Partage de la valeur ?

L’employeur a initié une négociation sur la création et le partage de la valeur. Au vu des propositions émises par l’employeur, nous estimons qu’il y a un contre-sens de fait ayant orienté la négociation vers l’inverse de ce dont les salariés ont besoin.


En effet, sur le fond du projet : ce dernier reste basé sur le volontariat et ouvert à « tous » ; mais en pratique il faut que le salarié soit en capacité et prêt à investir de l'argent dans le Groupe.

Le principe même de la création de valeur et du partage implique que la collectivité entière peut y participer, non un groupe extrêmement restreint de salariés.

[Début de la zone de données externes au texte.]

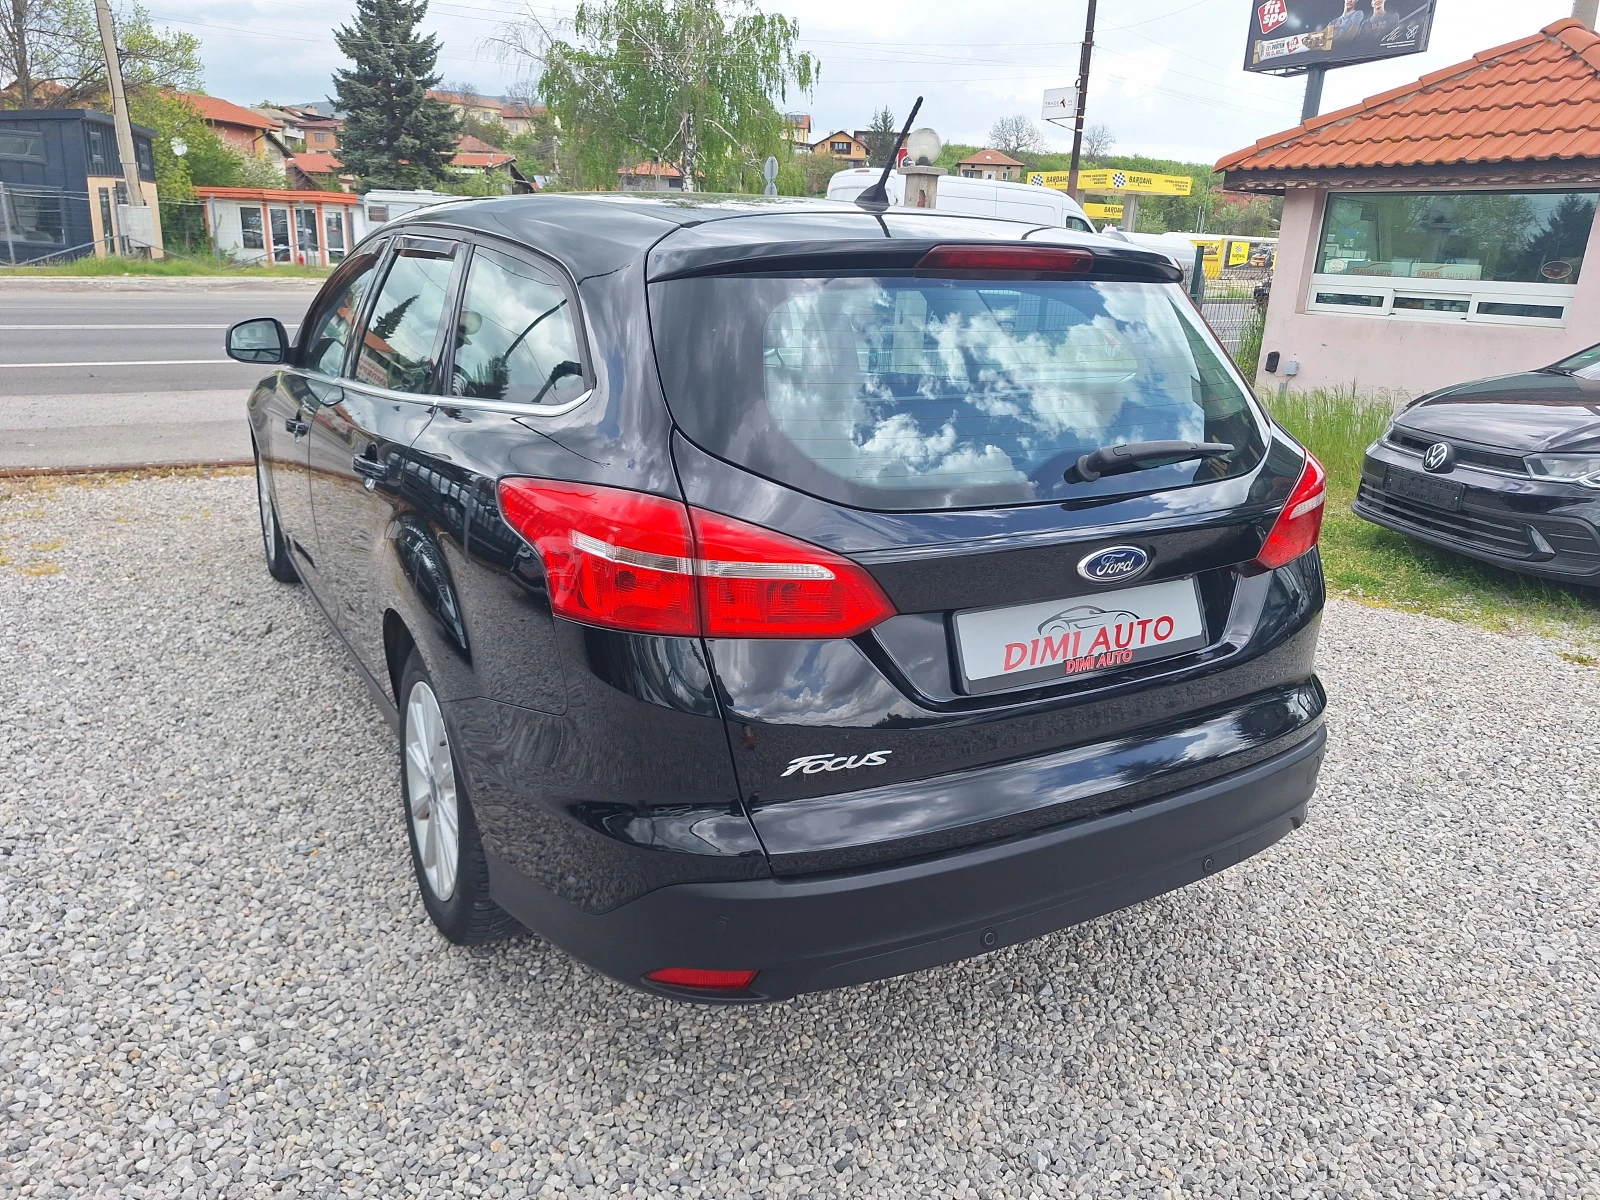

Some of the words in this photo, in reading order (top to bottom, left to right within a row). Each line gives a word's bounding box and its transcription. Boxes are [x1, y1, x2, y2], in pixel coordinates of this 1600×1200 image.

La négociation fut centrée uniquement sur de petits ajustements, et non sur la capacité de l’employeur à reconnaître les efforts et, surtout : à redistribuer la richesse, non à la concentrer sur les plus riches.

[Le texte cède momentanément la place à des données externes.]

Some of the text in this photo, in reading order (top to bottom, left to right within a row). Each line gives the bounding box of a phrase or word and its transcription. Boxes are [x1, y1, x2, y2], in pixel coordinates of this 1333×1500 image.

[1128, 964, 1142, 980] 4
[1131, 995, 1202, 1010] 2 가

Pour information, chaque année, plus de soixante pour cent des salariés choisissent de percevoir leur participation plutôt que de l'épargner.

Parce que leurs salaires ne sont tout simplement pas assez élevés pour se permettre d'épargner.

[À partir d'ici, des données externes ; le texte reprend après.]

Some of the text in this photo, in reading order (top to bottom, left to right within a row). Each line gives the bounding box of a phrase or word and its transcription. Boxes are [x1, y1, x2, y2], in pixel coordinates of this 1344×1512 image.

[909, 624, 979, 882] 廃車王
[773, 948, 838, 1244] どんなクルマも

Encore une fois, l’employeur choisit de mettre au ban les plus fragiles, et de dorer les plus puissants. Une logique implacable qui emmène les salariés les plus fragiles vers toujours plus d’isolement, de rejet, de stigmatisation due au salaire.

Par ailleurs, la peur de suppression d’emploi que fait planer l’employeur sur ses salariés constitue aussi un frein essentiel.

Déplorant vivement toutes ces dynamiques qui ne ressemblent en rien à la vraie vie des salariés, nous ne serons pas signataires du présent accord.